_Data listing_:

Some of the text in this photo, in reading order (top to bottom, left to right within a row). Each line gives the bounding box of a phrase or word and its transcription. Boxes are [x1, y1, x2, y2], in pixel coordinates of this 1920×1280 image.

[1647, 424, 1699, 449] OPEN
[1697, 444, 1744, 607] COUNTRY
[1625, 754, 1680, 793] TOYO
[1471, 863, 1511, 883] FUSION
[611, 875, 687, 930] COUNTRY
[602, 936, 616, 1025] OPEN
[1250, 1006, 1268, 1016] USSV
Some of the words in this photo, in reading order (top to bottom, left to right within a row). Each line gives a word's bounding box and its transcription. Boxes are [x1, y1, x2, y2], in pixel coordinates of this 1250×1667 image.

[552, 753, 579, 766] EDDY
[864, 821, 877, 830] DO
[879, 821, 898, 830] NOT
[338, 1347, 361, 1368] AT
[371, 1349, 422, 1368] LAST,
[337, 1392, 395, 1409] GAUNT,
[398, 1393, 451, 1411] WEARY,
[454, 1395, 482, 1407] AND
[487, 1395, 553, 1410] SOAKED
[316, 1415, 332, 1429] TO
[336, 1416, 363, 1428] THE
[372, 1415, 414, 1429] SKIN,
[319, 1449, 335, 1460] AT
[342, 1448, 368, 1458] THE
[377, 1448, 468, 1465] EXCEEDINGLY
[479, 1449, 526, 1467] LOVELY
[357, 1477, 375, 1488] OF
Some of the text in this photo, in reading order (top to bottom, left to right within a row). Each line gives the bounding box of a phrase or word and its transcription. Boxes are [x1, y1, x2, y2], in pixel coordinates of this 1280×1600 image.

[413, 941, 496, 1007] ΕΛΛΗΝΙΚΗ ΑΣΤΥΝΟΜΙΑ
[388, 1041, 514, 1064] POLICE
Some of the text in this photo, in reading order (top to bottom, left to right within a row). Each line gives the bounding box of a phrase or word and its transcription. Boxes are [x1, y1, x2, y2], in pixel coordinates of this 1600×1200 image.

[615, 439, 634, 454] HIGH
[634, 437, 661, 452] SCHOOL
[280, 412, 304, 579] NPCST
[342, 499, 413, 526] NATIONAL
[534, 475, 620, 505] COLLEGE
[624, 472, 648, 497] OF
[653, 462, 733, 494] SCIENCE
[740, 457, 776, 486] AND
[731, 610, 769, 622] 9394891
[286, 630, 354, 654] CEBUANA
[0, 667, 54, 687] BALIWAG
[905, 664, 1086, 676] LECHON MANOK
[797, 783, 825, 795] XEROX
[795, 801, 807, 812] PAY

_What is expected_: Please print the listing exactly, keeping each line as it is.

_Output for this task_:
Some of the text in this photo, in reading order (top to bottom, left to right within a row). Each line gives the bounding box of a phrase or word and its transcription. Boxes are [x1, y1, x2, y2], in pixel coordinates of this 1920×1280 image.

[1647, 424, 1699, 449] OPEN
[1697, 444, 1744, 607] COUNTRY
[1625, 754, 1680, 793] TOYO
[1471, 863, 1511, 883] FUSION
[611, 875, 687, 930] COUNTRY
[602, 936, 616, 1025] OPEN
[1250, 1006, 1268, 1016] USSV
Some of the words in this photo, in reading order (top to bottom, left to right within a row). Each line gives a word's bounding box and its transcription. Boxes are [x1, y1, x2, y2], in pixel coordinates of this 1250×1667 image.

[552, 753, 579, 766] EDDY
[864, 821, 877, 830] DO
[879, 821, 898, 830] NOT
[338, 1347, 361, 1368] AT
[371, 1349, 422, 1368] LAST,
[337, 1392, 395, 1409] GAUNT,
[398, 1393, 451, 1411] WEARY,
[454, 1395, 482, 1407] AND
[487, 1395, 553, 1410] SOAKED
[316, 1415, 332, 1429] TO
[336, 1416, 363, 1428] THE
[372, 1415, 414, 1429] SKIN,
[319, 1449, 335, 1460] AT
[342, 1448, 368, 1458] THE
[377, 1448, 468, 1465] EXCEEDINGLY
[479, 1449, 526, 1467] LOVELY
[357, 1477, 375, 1488] OF
Some of the text in this photo, in reading order (top to bottom, left to right within a row). Each line gives the bounding box of a phrase or word and its transcription. Boxes are [x1, y1, x2, y2], in pixel coordinates of this 1280×1600 image.

[413, 941, 496, 1007] ΕΛΛΗΝΙΚΗ ΑΣΤΥΝΟΜΙΑ
[388, 1041, 514, 1064] POLICE
Some of the text in this photo, in reading order (top to bottom, left to right within a row). Each line gives the bounding box of a phrase or word and its transcription. Boxes are [x1, y1, x2, y2], in pixel coordinates of this 1600×1200 image.

[615, 439, 634, 454] HIGH
[634, 437, 661, 452] SCHOOL
[280, 412, 304, 579] NPCST
[342, 499, 413, 526] NATIONAL
[534, 475, 620, 505] COLLEGE
[624, 472, 648, 497] OF
[653, 462, 733, 494] SCIENCE
[740, 457, 776, 486] AND
[731, 610, 769, 622] 9394891
[286, 630, 354, 654] CEBUANA
[0, 667, 54, 687] BALIWAG
[905, 664, 1086, 676] LECHON MANOK
[797, 783, 825, 795] XEROX
[795, 801, 807, 812] PAY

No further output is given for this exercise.